From Our "Bah-Humbug!" Files
A Scientist's View of Santa Claus

1) No known species of reindeer can fly. But there are 300,000 species of living organisms yet to be classified, and while most of these are insects and germs, this does not completely rule out flying reindeer that only Santa has ever seen.

2) There are two billion children in the world. But since Santa doesn't (appear) to handle the Muslim, Hindu, Jewish, and Buddhist children. This reduces the workload down to 15 percent of the total, or 378 million according to the national population reference bureau. Assuming the consensus average rate of 3.5 children per household, that's 91.8 million homes. One presumes that there's at least one good child in each.

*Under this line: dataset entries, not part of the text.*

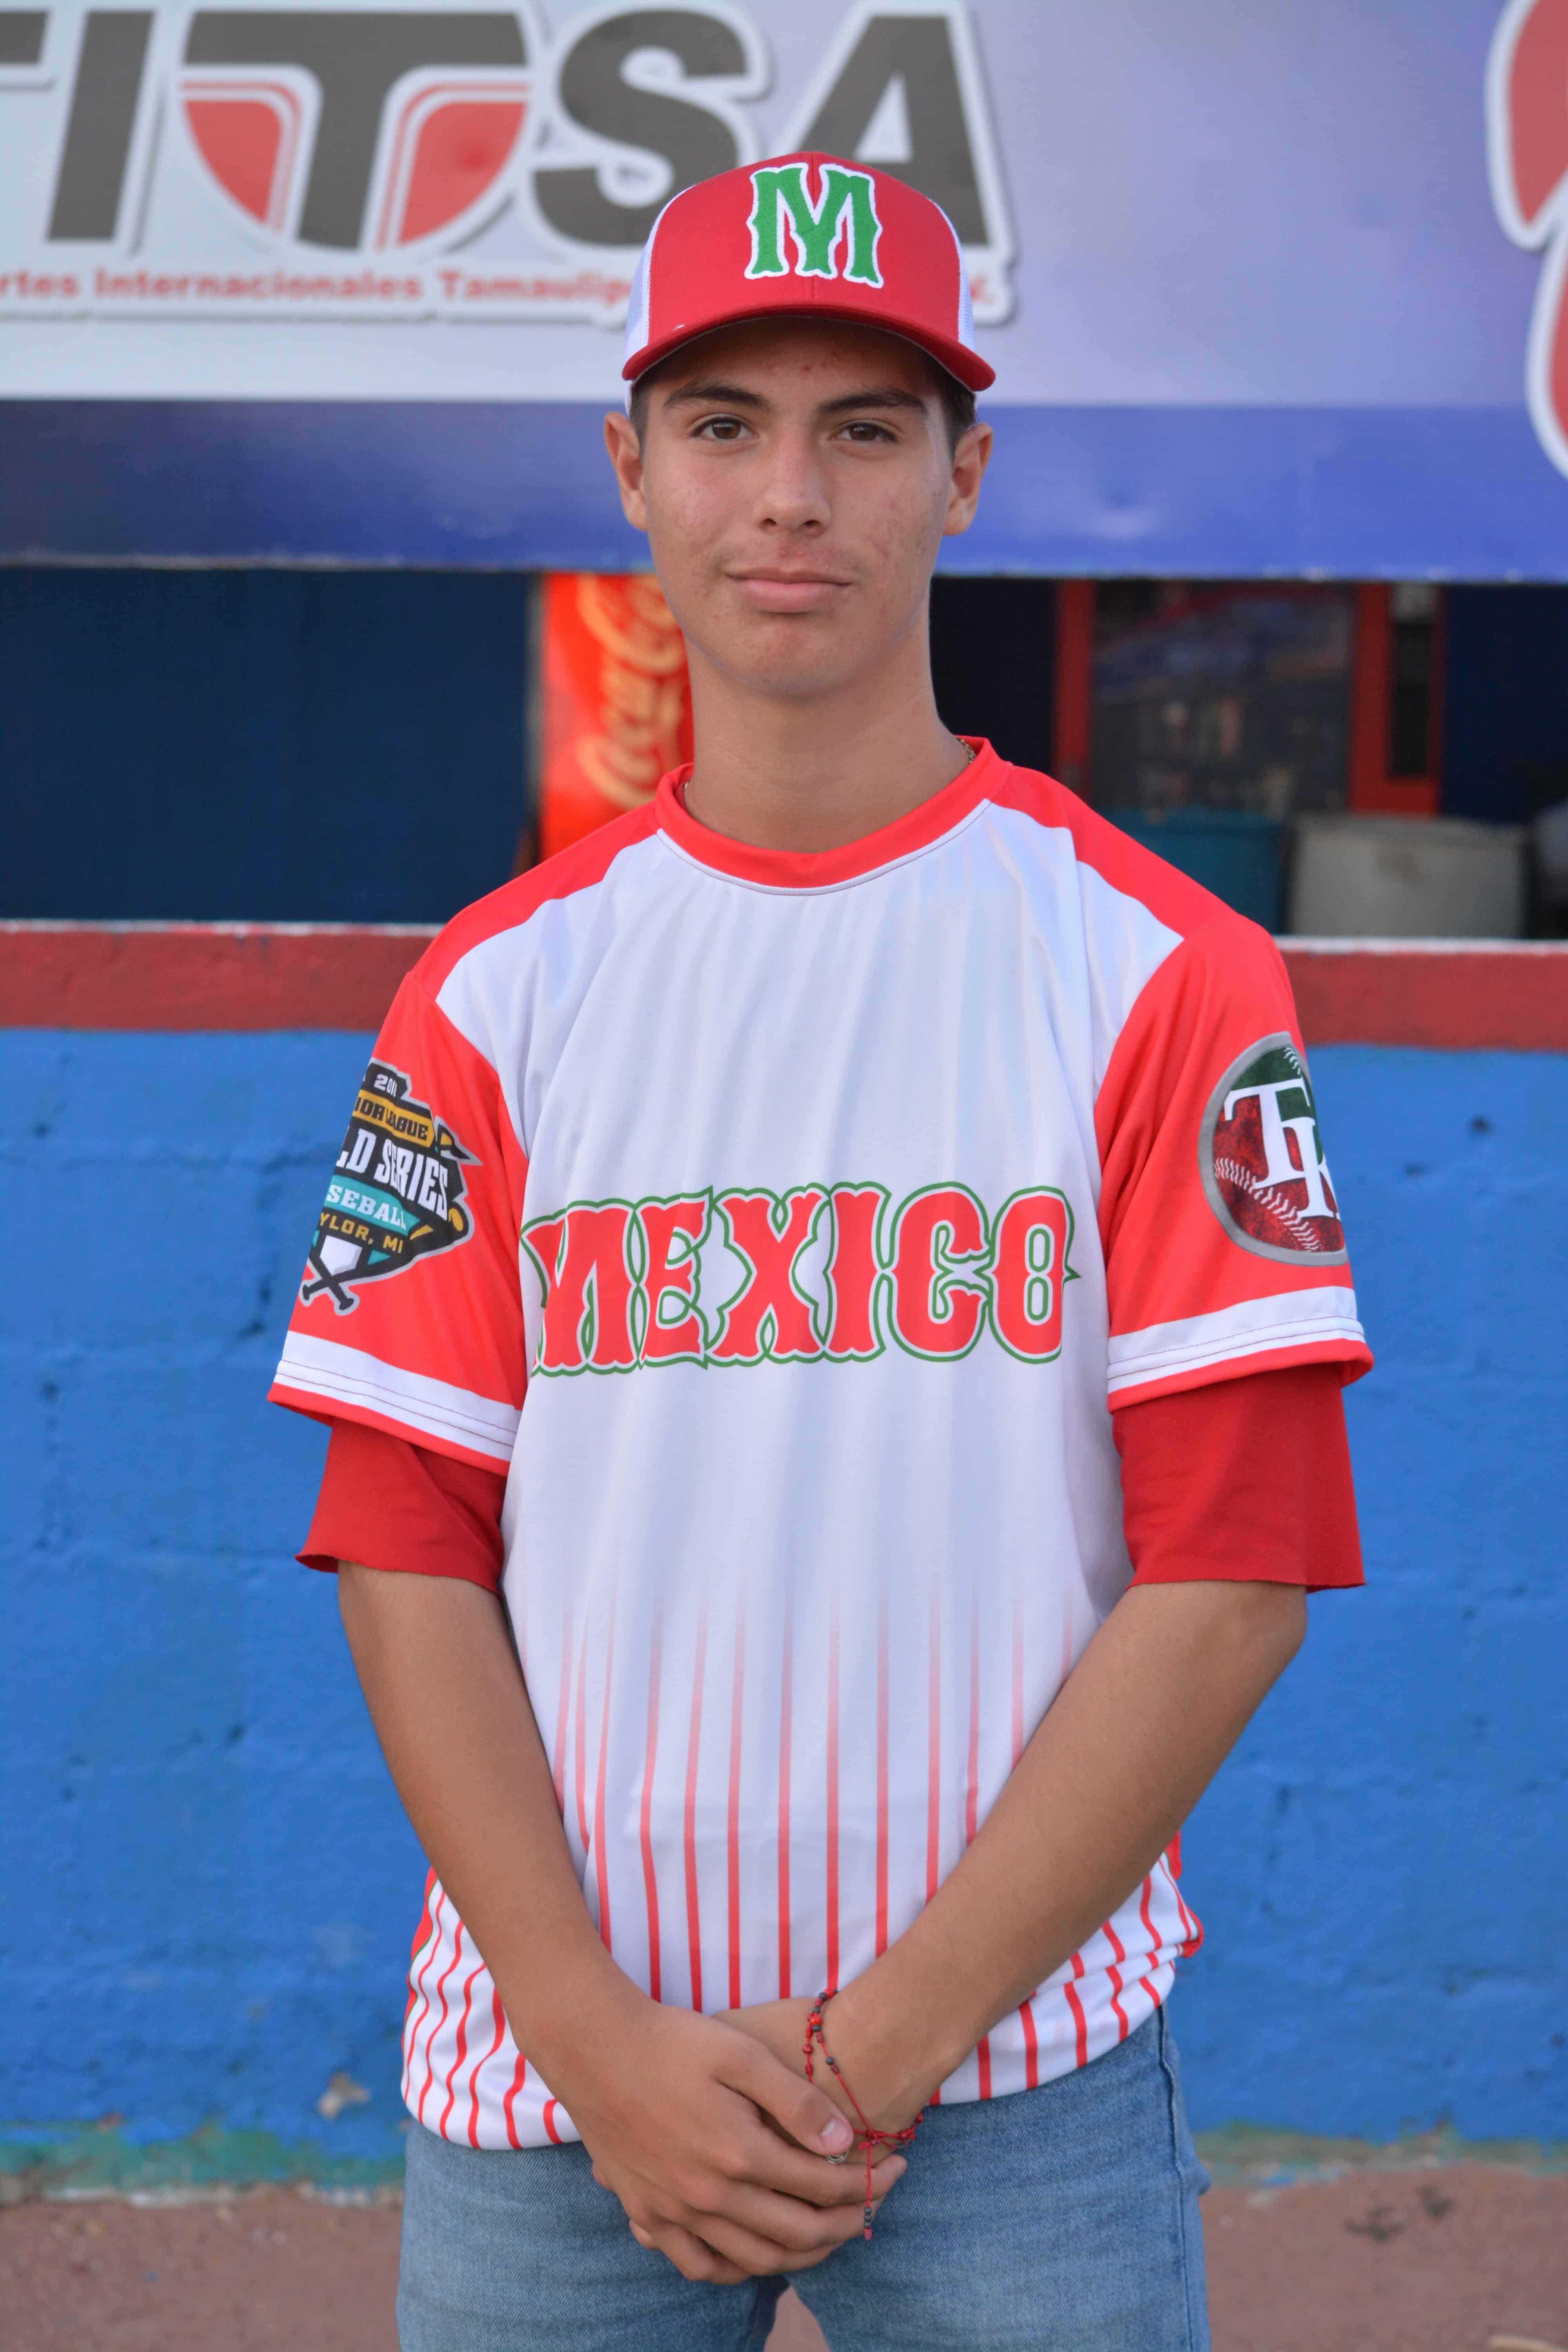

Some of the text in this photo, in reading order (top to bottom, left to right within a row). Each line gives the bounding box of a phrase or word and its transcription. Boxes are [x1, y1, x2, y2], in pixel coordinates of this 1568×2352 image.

[0, 10, 990, 249] ITSA
[744, 162, 884, 289] M
[95, 267, 422, 299] Internacionales
[373, 1138, 448, 1221] SERIES
[383, 1235, 403, 1254] MI
[519, 1182, 1081, 1378] MEXICO

3) Santa has 31 hours of Christmas to work with, thanks to the different time zones and the rotation of the Earth, assuming he travels east to west (which seems logical). This works out to 822.6 visits per second. This is to say that for each Christian household with good children, Santa has approximately 1/1000th of a second to park, hop out of the sleigh, jump down the chimney, fill the stockings, distribute the remaining presents under the tree, eat what ever snacks have been left, get back up the chimney, get back into the sleigh, and move on to the next house. Assuming that each of these 91.8 million stops are evenly distributed around the earth (which, of course, we know to be false, but for the purposes of our calculations we will accept), we are know talking about .78 miles per household, a trip of 75.5 million miles, not counting stops to do what most of us have to do at least once every 31 hours, plus feeding the reindeer. This means that Santa's sleigh is moving at 650 miles per second, 3,000 times the speed of sound. For the purposes of comparison, the fastest manmade vehicle on earth, the Ulysses space probe, moves at a pokey 27.4 miles per second- a conventional reindeer can run, tops, 15 miles per hour.

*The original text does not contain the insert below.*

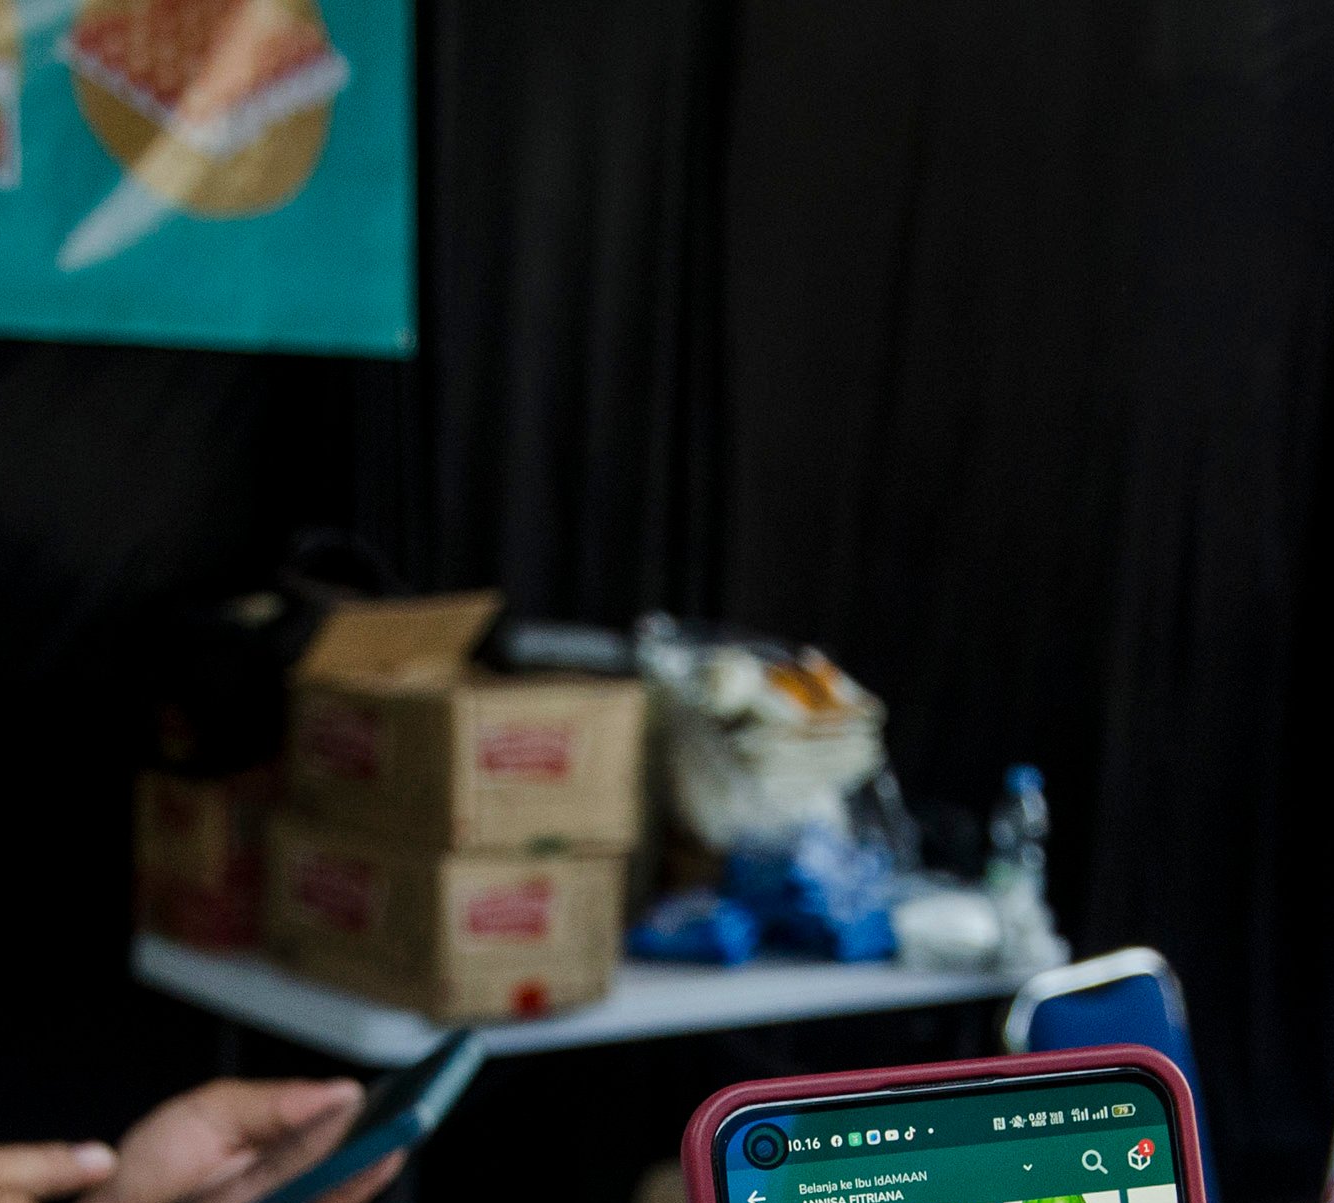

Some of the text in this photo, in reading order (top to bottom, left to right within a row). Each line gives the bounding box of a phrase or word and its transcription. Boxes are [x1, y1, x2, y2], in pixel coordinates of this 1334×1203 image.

[1143, 1143, 1150, 1154] 1
[799, 1180, 838, 1195] Belanja
[840, 1178, 853, 1190] ke
[855, 1175, 872, 1189] Ibu

4) The payload on the sleigh adds another interesting element. Assuming that each child gets nothing more than a medium sized Lego set (2 lbs.), the sleigh is carrying 321,000 tons, not counting Santa, who is invariably described as being overweight. On land, conventional reindeer can pull no more than 300 pounds. Even granting that "flying reindeer" could pull TEN TIMES the normal amount, we cannot do the job with eight, or even nine. We need 214,000 reindeer. This increases the payload—not even counting the weight of the sleigh—to 353,430 tons.

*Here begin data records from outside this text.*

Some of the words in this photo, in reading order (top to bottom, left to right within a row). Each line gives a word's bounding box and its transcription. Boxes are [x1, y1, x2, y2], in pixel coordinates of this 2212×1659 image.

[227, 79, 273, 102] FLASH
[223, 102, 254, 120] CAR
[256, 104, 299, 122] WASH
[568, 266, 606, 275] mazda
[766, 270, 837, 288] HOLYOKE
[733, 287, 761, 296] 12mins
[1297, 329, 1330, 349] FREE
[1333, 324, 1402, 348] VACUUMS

5) 353,000 tons traveling at 650 miles per second creates enormous air resistance- this will heat up the reindeer up in the same fashion as space crafts reentering the earth's atmosphere. The lead pair of reindeer will absorb 14.3 Quintillion joules of energy per second EACH. In short, they will burst into flames almost instantaneously, exposing each of the reindeer behind them, and create deafening sonic booms in their wake. The entire reindeer team will be vaporized within 4.26 thousandths of a second. Santa, meanwhile, will be subjected to centrifugal forces 17,500.06 times greater than gravity. A 250 pound Santa (which seems ludicrously slim) would be pinned to the back of his sleigh by 43,155,015 pounds of force.

In conclusion, if Santa ever DID deliver presents on Christmas Eve, he's been squashed and vaporized by now.